Happy Abortion Anniversary, Lucy/Reticent Diarist/whatever I am today. And oh my body remembers.  I am sick again.  I almost didn’t cry today.  Maybe one of these months I won’t.

It is cold tonight, the wintery sort of cold that gets in under your skin.  Unmistakably the beginning of another season. I keep track of time in a different way now, as if I feel every change on my skin rather than by what the calendar reads.  I don’t know what all of this means, if anything at all. But I remember what it was like to take a walk in the summertime and in the fall and now when it hurts to breath because it’s so cold. With each season, I am more myself. I am less hurt.

It probably doesn’t sound true because tomorrow I will wake up with puffy eyes and a hoarse voice.  But these episodes pass. And it is less about a lost relationship and more about a baby.

With my shrink last week, I discussed how joy and grief can coexist. I think now that the good times were almost a kind of punishment, it underscored the grief.  The joys of the last few months were so fleeting; and at home at night, it is not what returned to me.

This is what comes to me at night now – sometimes nothing at all, sometimes words from the book I happen to be reading or the memory of someone else’s body. Always there is fear of remembering and forgetting. Both things can’t happen, can it?

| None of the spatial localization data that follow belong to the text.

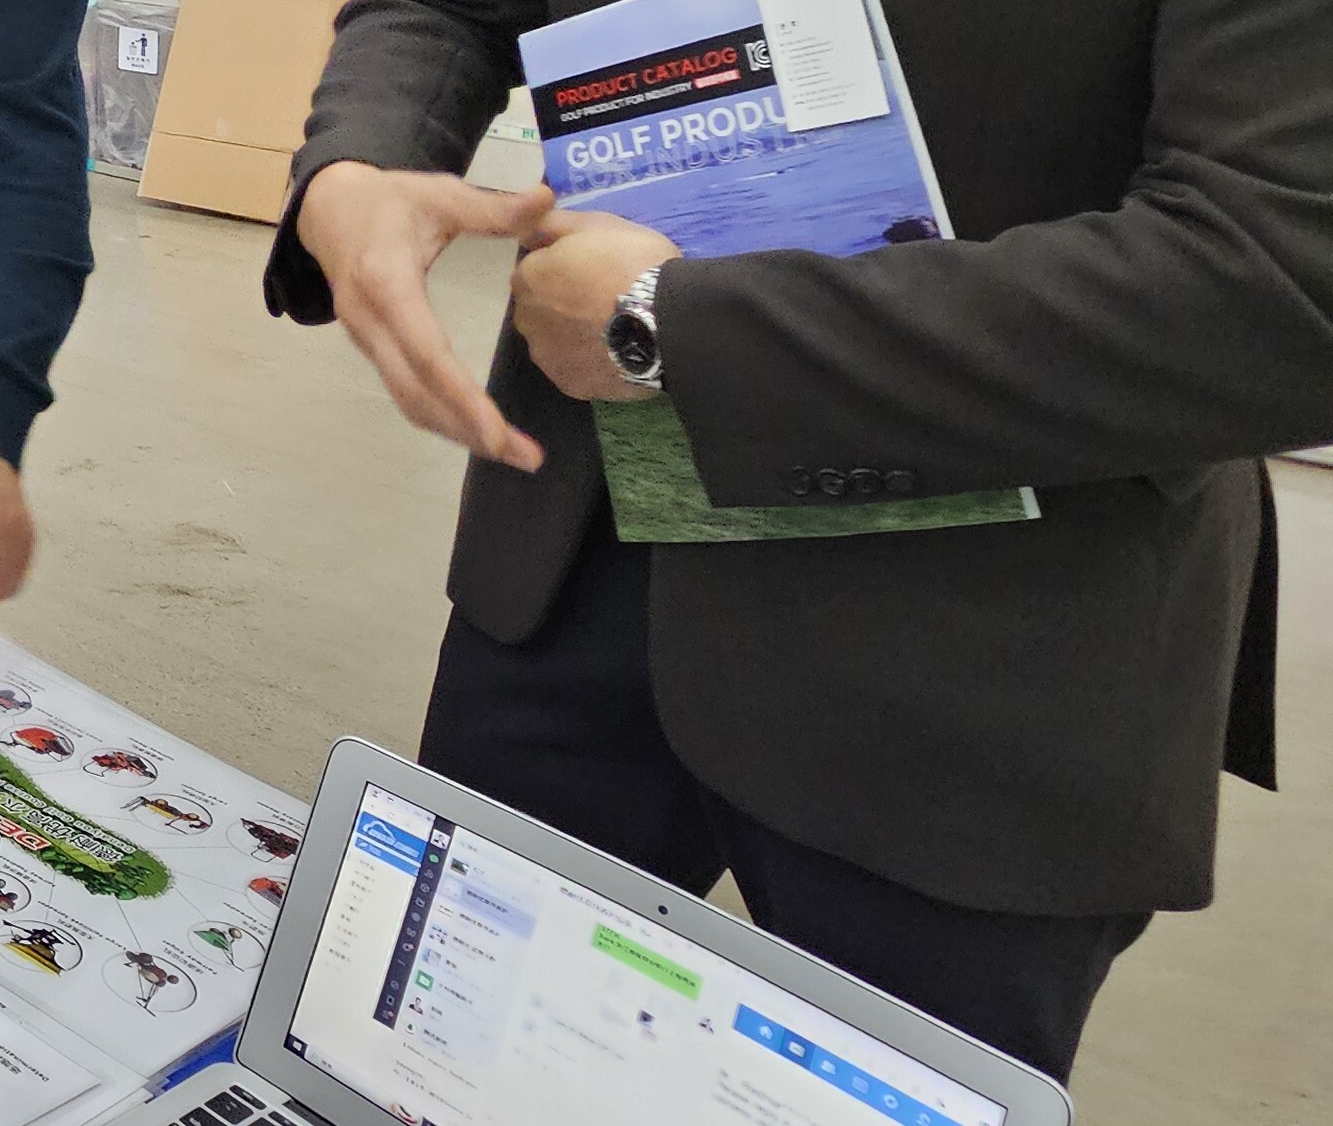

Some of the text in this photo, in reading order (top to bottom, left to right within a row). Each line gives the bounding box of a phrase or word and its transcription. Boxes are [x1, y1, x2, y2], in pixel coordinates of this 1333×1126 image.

[554, 72, 638, 108] PRODUCT
[642, 46, 739, 85] CATALOG
[560, 82, 692, 123] GOLF PRODUCT FOR INDUSTRY
[566, 124, 652, 169] GOLF
[0, 781, 48, 810] Course
[41, 804, 76, 824] Golf
[71, 819, 137, 854] Denaiyou

I think of jewelry.  I pass by the windows on Madison Avenue and imagine myself plunking down one of my credit cards for something shiny. Not because I need another bauble but because I want a kind of memento for this year, to keep close to me.  That probably sounds morbid and a little bit shallow.  But I would like a little memory to remind myself of something I had but couldn’t keep. Hello, Lou Reed.